● EXERCISE DIRECTIONS: Retype the following records exactly and exclude the pictures.

AVAILABLE DATA: Begin

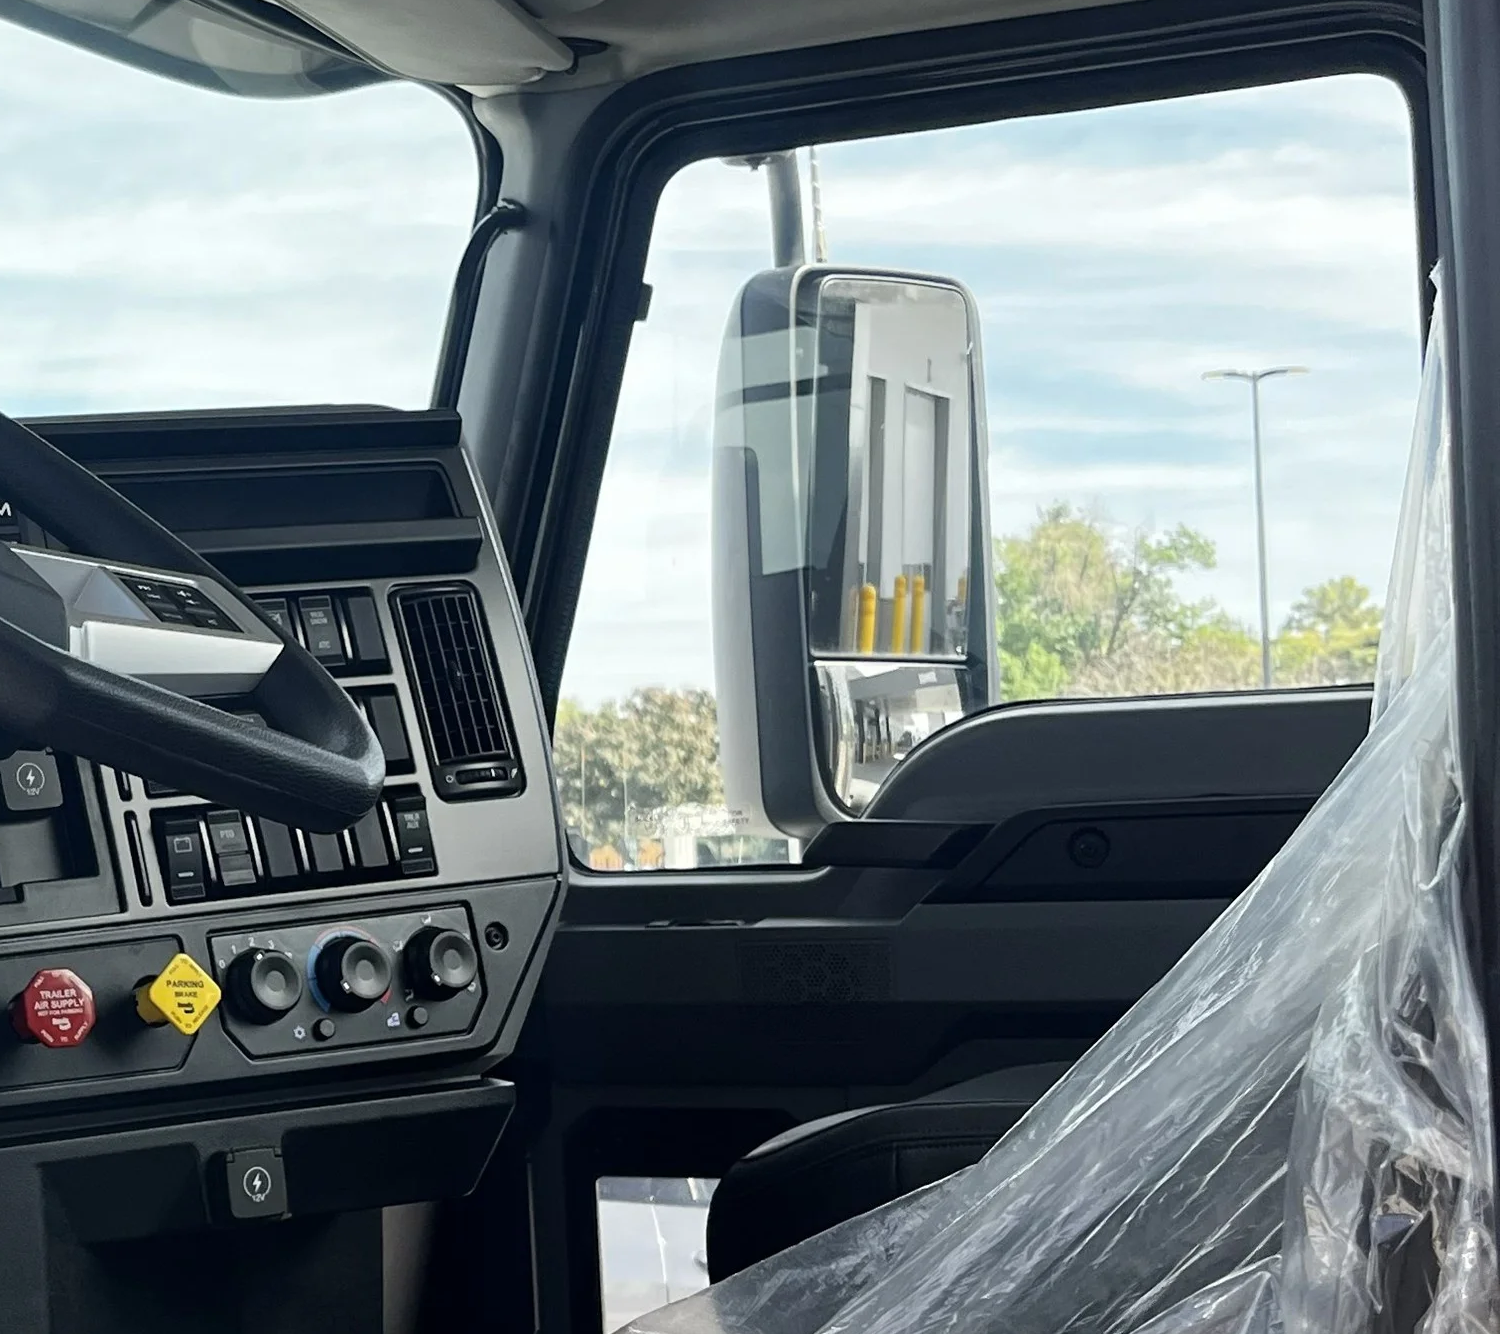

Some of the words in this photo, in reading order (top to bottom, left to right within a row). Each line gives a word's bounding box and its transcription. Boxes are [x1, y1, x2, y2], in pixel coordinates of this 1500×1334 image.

[26, 787, 40, 796] 12V
[220, 829, 235, 839] PTO
[231, 945, 237, 955] 1
[248, 937, 256, 947] 2
[268, 939, 275, 949] 3
[166, 980, 204, 989] PARKING
[40, 988, 77, 999] TRAILER
[34, 1001, 50, 1010] AIR
[50, 998, 84, 1009] SUPPLY
[252, 1193, 265, 1203] 12V
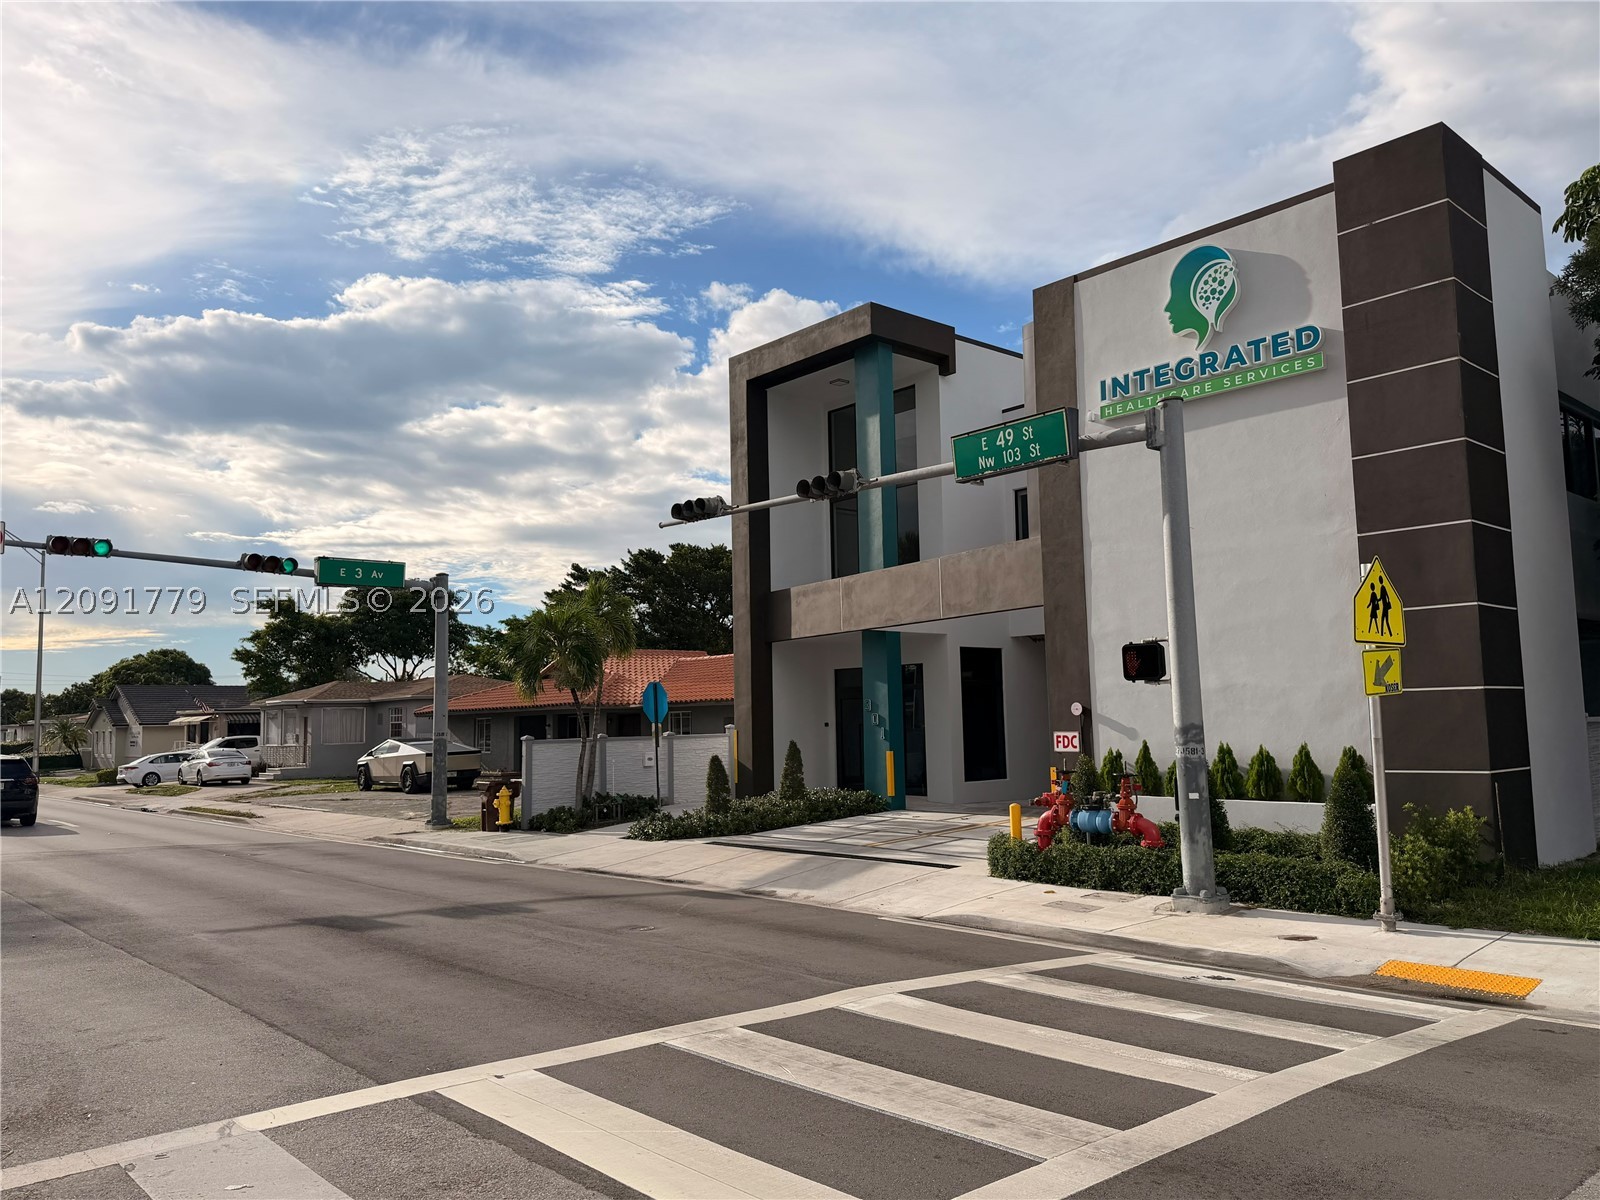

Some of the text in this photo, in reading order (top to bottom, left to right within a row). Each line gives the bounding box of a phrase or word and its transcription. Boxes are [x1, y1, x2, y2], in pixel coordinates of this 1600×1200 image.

[1099, 325, 1323, 401] INTEGRATED
[1223, 357, 1316, 388] SERVICES
[981, 425, 1034, 451] E 49 St
[978, 442, 1041, 469] Nw 103 St
[340, 568, 384, 579] E 3 Av
[1055, 734, 1078, 749] FDC
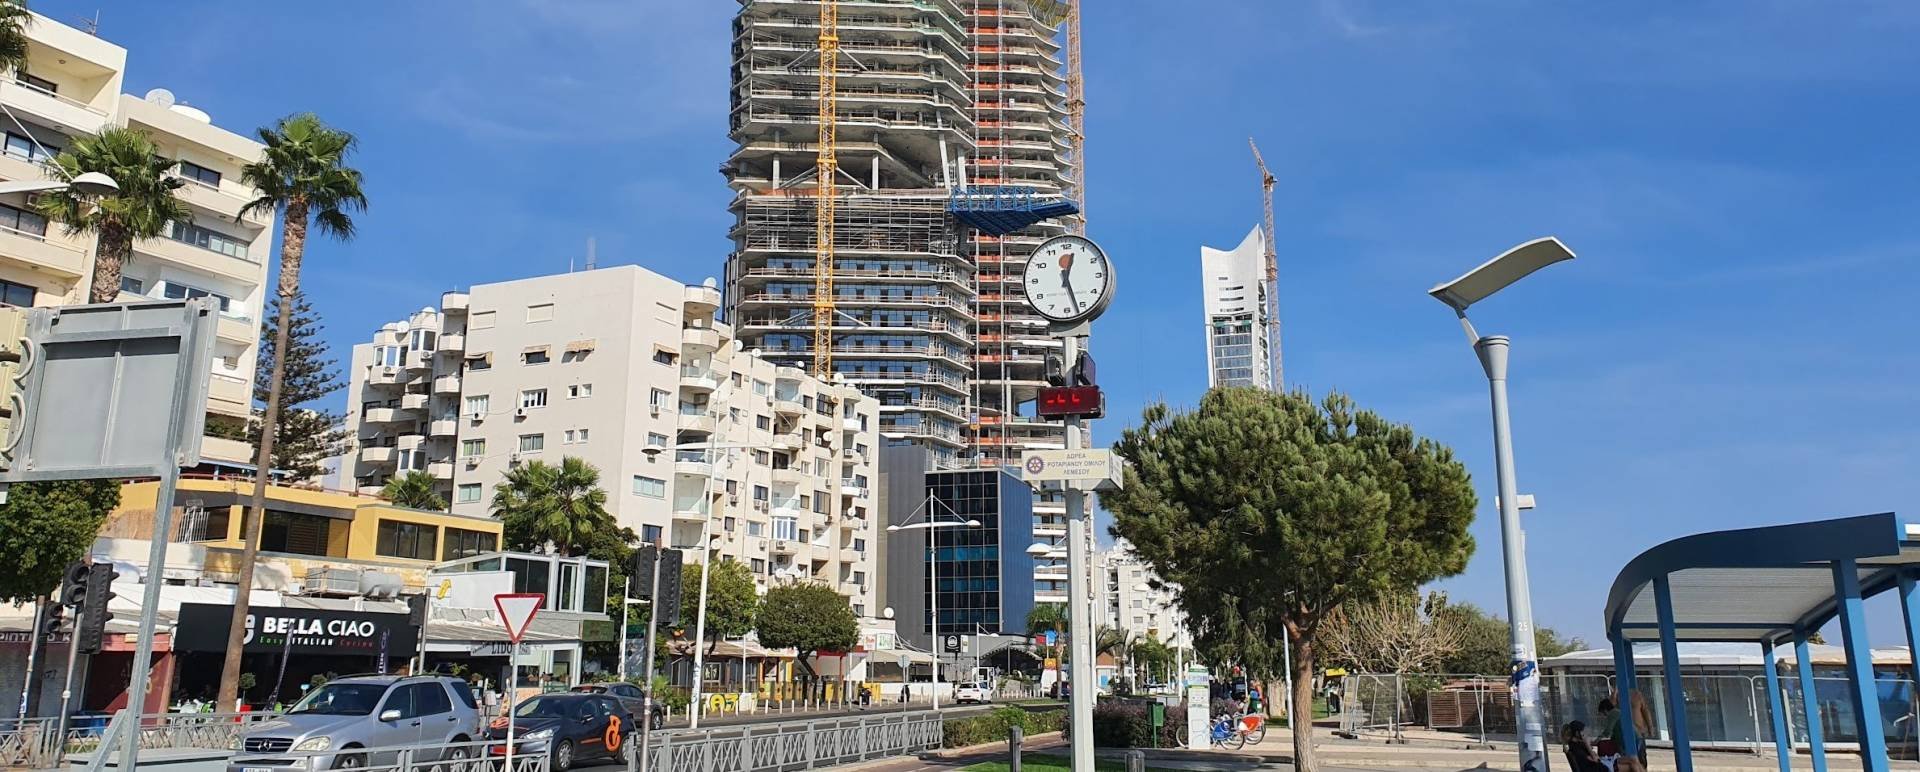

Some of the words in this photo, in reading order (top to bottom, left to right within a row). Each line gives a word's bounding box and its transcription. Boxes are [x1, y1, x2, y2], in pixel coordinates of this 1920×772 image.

[263, 616, 323, 635] BELLA
[327, 619, 375, 637] CIAO
[1518, 621, 1528, 632] 25
[292, 637, 334, 646] ITALIAN
[491, 641, 513, 655] LIDO

AVAILABLE DATA: End

● ANSWER BOX:
Some of the words in this photo, in reading order (top to bottom, left to right within a row). Each line gives a word's bounding box and its transcription. Boxes are [x1, y1, x2, y2], in pixel coordinates of this 1500×1334 image.

[26, 787, 40, 796] 12V
[220, 829, 235, 839] PTO
[231, 945, 237, 955] 1
[248, 937, 256, 947] 2
[268, 939, 275, 949] 3
[166, 980, 204, 989] PARKING
[40, 988, 77, 999] TRAILER
[34, 1001, 50, 1010] AIR
[50, 998, 84, 1009] SUPPLY
[252, 1193, 265, 1203] 12V

Some of the text in this photo, in reading order (top to bottom, left to right within a row). Each line gives the bounding box of a phrase or word and its transcription. Boxes are [x1, y1, x2, y2], in pixel coordinates of this 1600×1200 image.

[1099, 325, 1323, 401] INTEGRATED
[1223, 357, 1316, 388] SERVICES
[981, 425, 1034, 451] E 49 St
[978, 442, 1041, 469] Nw 103 St
[340, 568, 384, 579] E 3 Av
[1055, 734, 1078, 749] FDC

Some of the words in this photo, in reading order (top to bottom, left to right within a row). Each line gives a word's bounding box and its transcription. Boxes are [x1, y1, x2, y2], in pixel coordinates of this 1920×772 image.

[263, 616, 323, 635] BELLA
[327, 619, 375, 637] CIAO
[1518, 621, 1528, 632] 25
[292, 637, 334, 646] ITALIAN
[491, 641, 513, 655] LIDO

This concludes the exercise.